Two Va. Firefighters Remembered for Ultimate Sacrifice 50 Years Ago
Source The Virginian-Pilot
Sept. 06--VIRGINIA BEACH -- The storm dumped 13.7 inches of rain on the city within 24 hours.
Hurricane Cleo -- a tropical storm when it hit South Hampton Roads -- washed out roads, submerged cars and brought floodwaters as "deep as a man's neck" in parts.
Small boats tied to piers filled with rain and sank. Shelters opened at several Virginia Beach elementary schools.
A Norfolk Weather Bureau employee at the time called it the area's heaviest rainstorm in hundreds of years.
Fifty years ago this week, two firefighters died while responding to calls during that 1964 storm: Chesapeake volunteer A.L. Johnson and Volunteer Fire Chief Vernon Wilson of the Davis Corner station in Virginia Beach.
They were the first firefighters in their newly incorporated cities to die in the line of duty.
"He loved that fire department," said Wilson's daughter, Sharon Cooper. "That was his life."
Back when her father was a firefighter, Cooper said, the volunteer stations were a central part of the community. The women's auxiliary held dances for teens at the Davis Corner station, and proceeds went to the department.

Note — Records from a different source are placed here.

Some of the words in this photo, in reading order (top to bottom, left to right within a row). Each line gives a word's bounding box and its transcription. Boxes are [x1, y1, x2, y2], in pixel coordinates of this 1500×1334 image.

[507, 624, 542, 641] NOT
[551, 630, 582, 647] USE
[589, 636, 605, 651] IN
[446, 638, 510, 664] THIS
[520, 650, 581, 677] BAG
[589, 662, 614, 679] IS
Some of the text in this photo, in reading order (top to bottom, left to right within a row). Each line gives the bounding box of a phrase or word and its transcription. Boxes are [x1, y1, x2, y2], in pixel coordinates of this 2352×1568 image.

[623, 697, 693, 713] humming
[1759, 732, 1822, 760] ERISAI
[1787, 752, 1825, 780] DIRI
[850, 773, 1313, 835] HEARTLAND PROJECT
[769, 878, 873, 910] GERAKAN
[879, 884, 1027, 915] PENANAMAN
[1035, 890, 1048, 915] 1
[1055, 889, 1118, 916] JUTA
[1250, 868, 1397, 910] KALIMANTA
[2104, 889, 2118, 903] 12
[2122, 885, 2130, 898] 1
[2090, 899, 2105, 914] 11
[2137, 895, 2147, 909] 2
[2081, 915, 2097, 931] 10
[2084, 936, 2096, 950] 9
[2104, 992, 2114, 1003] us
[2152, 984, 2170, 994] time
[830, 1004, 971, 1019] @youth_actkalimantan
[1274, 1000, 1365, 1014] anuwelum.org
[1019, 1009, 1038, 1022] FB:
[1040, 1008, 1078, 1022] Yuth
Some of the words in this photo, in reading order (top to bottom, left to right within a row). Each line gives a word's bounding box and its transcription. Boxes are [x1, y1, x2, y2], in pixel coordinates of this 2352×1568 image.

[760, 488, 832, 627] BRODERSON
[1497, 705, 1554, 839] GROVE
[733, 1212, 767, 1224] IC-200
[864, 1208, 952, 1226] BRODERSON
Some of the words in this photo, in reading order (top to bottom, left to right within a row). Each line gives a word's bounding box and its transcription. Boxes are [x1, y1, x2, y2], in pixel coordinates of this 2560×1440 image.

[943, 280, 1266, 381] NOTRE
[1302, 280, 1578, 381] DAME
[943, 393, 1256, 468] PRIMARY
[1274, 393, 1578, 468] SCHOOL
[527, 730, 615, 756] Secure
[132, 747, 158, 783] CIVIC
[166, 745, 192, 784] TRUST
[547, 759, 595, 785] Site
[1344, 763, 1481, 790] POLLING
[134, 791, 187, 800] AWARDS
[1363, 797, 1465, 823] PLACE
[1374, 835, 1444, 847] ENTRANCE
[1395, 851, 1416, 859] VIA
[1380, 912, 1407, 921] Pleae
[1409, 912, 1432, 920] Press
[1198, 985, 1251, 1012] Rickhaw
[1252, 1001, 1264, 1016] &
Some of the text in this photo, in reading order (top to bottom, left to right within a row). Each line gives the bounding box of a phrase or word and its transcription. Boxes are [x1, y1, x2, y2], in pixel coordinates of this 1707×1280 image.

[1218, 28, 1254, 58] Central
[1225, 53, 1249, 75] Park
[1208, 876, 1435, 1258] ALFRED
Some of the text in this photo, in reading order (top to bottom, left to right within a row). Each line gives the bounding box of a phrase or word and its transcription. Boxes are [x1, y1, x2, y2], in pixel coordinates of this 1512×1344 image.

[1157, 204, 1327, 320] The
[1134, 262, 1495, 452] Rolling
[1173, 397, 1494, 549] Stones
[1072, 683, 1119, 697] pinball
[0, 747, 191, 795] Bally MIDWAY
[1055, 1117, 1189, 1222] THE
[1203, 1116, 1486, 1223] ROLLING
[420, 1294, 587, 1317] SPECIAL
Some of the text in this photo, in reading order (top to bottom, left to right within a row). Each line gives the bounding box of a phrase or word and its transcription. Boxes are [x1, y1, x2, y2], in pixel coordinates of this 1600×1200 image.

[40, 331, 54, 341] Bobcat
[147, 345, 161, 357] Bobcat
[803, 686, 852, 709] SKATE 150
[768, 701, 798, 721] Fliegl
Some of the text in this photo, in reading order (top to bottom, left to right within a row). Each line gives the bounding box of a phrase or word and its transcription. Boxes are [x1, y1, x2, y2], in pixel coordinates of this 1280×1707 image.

The firefighters, their wives and children were like extended family, and they often gathered for picnics and dinners in one another's homes, Cooper said.
Wilson was born in Norfolk and spent his life in Hampton Roads. He and his wife, Dorothy, met at Kempsville High School.
"Just all at once, we were going steady," Dorothy Blake said.
Wilson was wounded three times while serving in the Army during World War II. He sold livestock at home in Virginia Beach, which allowed him flexible hours for his volunteer fire service.
Blake said her husband spent many nights at the station, and Aug. 31, 1964, was no different.
Dozens of volunteer firefighters worked through the night to evacuate and rescue residents stranded in the storm, according to an article in The Pilot.
Wilson kept a fire radio at home, but Blake turned it off that night so she could sleep. She heard from her husband for the last time in the middle of the night, when he called to ask about a dry set of clothes.
Early in the morning Sept. 1, firefighters in a boat in Aragona Village spotted a stranded couple. They rescued the pair and brought them to Wilson, who was driving a rescue truck.
Between 3 and 4 a.m., Wilson's truck drowned out in high water. A fire truck tried to pull Wilson out, but it also stalled. A dump truck then tried to save both trucks when rescuers noticed Wilson and the couple unconscious. Carbon monoxide fumes had leaked into the rescue truck's cab.
Longtime firefighter Fred Quist was a good friend of Wilson and responded that morning in an ambulance. He tried to resuscitate Wilson, 42, all the way to the hospital.
The woman firefighters were trying to rescue, 40-year-old Stella Forehand, also died. Her husband, 49-year-old Dempsey Forehand, survived.
That same day in Chesapeake, Johnson responded to a fire call in Western Branch. He drove a fire engine through floodwater but learned the alarm was false. He suffered a fatal heart attack after returning to the station. He was the same age as Wilson.
Details have faded all these years later, and little more is known about Johnson.
But five decades after their deaths, their sacrifices are remembered, their names etched on memorials for fallen firefighters in their cities.
Quist, now 87 and a retired fire chief, lost several colleagues in his 39-year career. When Virginia Beach holds its annual memorial service for fallen firefighters and EMS workers later this month, Quist said, he will be there to honor his friends.
And Wilson is never far from his mind. Quist thinks of him still, every time he drives near the site where he died.